Za nami już dwie wakacyjne edycje biegowej wyprawy po Parkach Narodowych zachodnich Stanów Zjednoczonych. Majestat tamtejszej przyrody urzeka, hipnotyzuje i przyciąga, dlatego szykujemy dla Was kolejną dawkę przygód. Poznajcie nową trasę naszej wyprawy po Dzikim Zachodzie!
Tego wyjazdu biegowego nie da się porównać z niczym innym. Ciągłe przemieszczanie się, niesamowite krajobrazy widoczne zza szyby samochodu oraz malownicze szlaki prowadzące przez wysokie szczyty, malownicze kaniony, doliny oraz niezwykłe formacje skalne, po których będziecie mieli okazję pobiegać! Bieganie daje typową dla Dzikiego Zachodu wolność, dzięki niemu będziemy pokonywać wyznaczone trasy dwa razy szybciej, a co za tym idzie zobaczymy dwa razy więcej niż przeciętny turysta.

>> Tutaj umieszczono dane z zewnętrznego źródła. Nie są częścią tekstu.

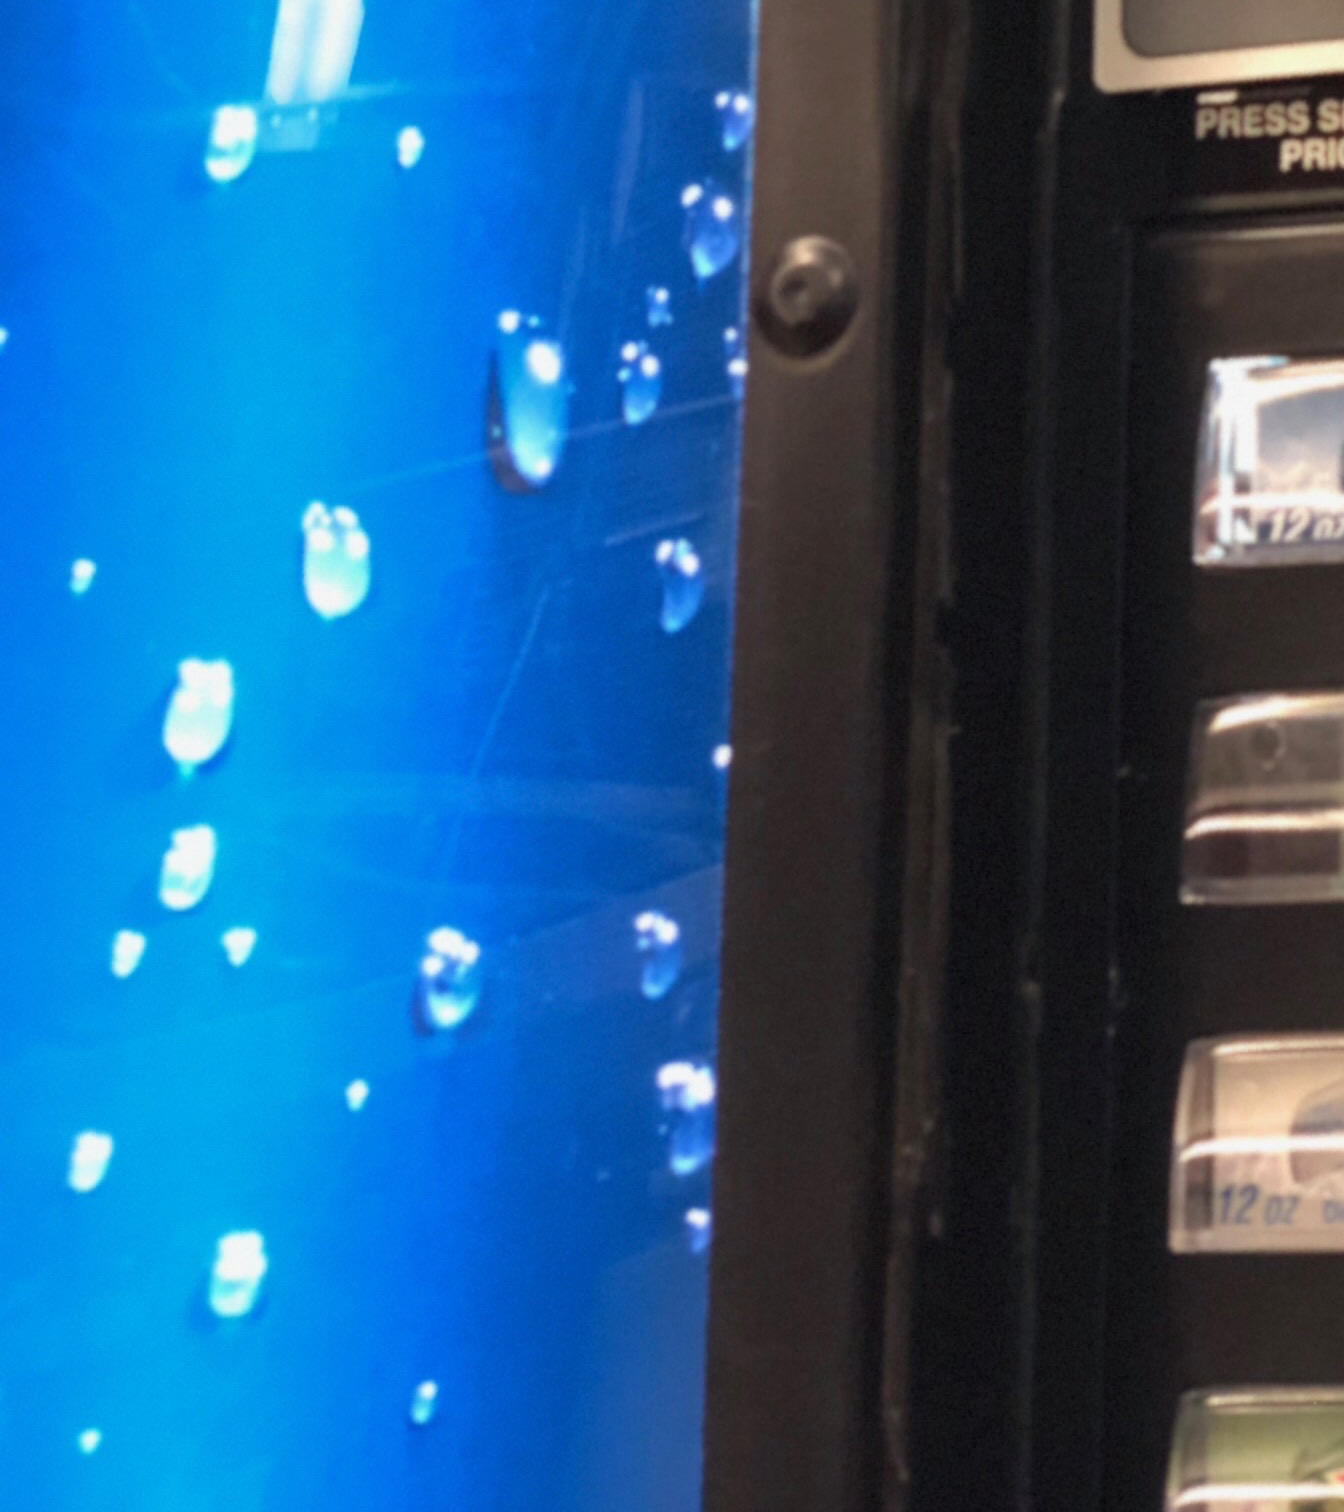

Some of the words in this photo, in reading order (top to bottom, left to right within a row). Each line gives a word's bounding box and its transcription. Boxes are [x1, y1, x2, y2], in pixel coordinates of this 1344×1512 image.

[1195, 100, 1310, 139] PRESS
[1268, 507, 1312, 544] 12
[1216, 1184, 1260, 1225] 12
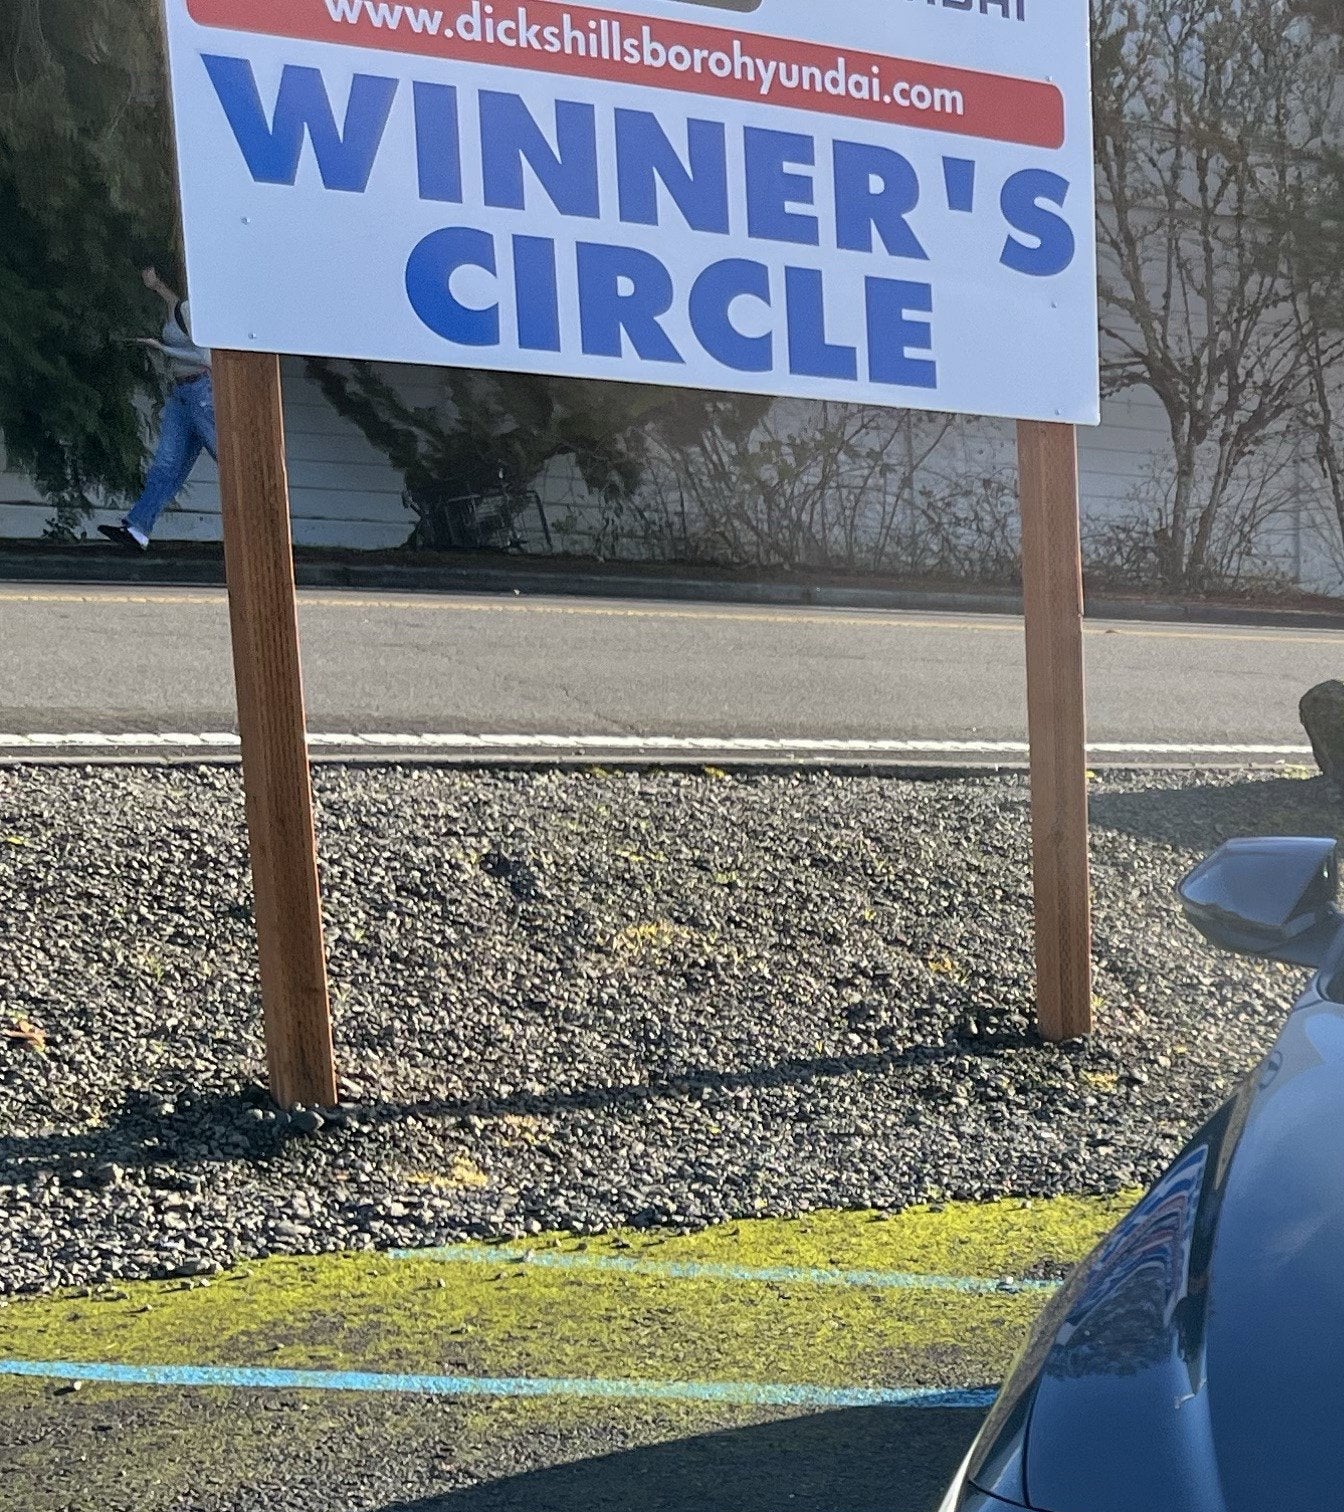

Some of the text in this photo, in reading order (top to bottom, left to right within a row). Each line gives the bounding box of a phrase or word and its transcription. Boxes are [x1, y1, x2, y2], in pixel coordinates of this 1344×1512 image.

[324, 0, 964, 116] www.dickshillsborohyundai.com
[201, 53, 1075, 277] WINNER'S
[406, 226, 937, 389] CIRCLE

Na lenistwo nie będzie zbyt wiele czasu. To nie wyjazd all inclusive ze wspaniałym hotelem, olbrzymim basenem i spa. To też nie obóz z treningami na stadionie i sztywnym trzymaniem się międzyczasów na poszczególnych odcinkach. To przygoda. Przygoda, którą będziecie wspominać do sędziwej starości siedząc przy kominku, a wasze wnuki będą przecierać oczy ze zdumienia słuchając Waszych opowieści. Czas na plan podróży! Zapnijcie pasy i w drogę!

PODSTAWOWE INFORMACJE
Data wylotu z lotniska Chopina w Warszawie – 27.04.2018
Data wylotu z lotniska w Los Angeles – 11.05.2018
14 noclegów
Lądowanie w Warszawie nastąpi 12.05.2018

Los Angeles

Tam wylądujemy i damy sobie jeden dzień na rozgrzewkę i aklimatyzacje. To potężna i niezwykle zakorkowana metropolia, jednak niesamowite plaże Venice czy Santa Monica oraz ścieżki wiodące wzdłuż, to fantastyczne miejsca na pierwsze przebieżki.

Park Narodowy Joshua Tree

joshuatree
Po opuszczeniu Miasta Aniołów udamy na pustynię. Z uwagi na końcówkę kwietnia spodziewajcie się temperatury rzędu 25-30 stopni. Będzie ciepło, ale bardzo przyjemnie. Park słynie z juk, drzew Jozuego, występujących tam w niezliczonej ilości. Do tego unikalne, gładkie żółte skały w owalnych kształtach oraz wzniesienia, z których widać słynny uskok tektoniczny San Andreas. W parku spędzimy około 3 godzin i przemierzymy łącznie około 20 kilometrów.

Sedona

sodona
„Pan Bóg stworzył Wielki Kanion, ale zamieszkał w Sedonie” – mówi jedno z przysłów. Sedona to urokliwe miejsce, z zapierającymi dech widokami oraz formacjami skalnymi z czerwonego piaskowca. To miejscowość wypoczynkowa wielu gwiazd Hollywood. Dla nas będzie to kolejna okazja do pobiegania po szlakach, które zaprowadzą do Cathedral Rock, Devil’s Bridge czy Bell Rock. Dodatkową atrakcją kolejnych kilku dni będzie fakt spędzimy kilka nocy na wysokości ponad 2100 m.n.p.m. we Flagstaff, miejscowości, gdzie często przed sezonem lekkoatletycznym można spotkać Adama Kszczota.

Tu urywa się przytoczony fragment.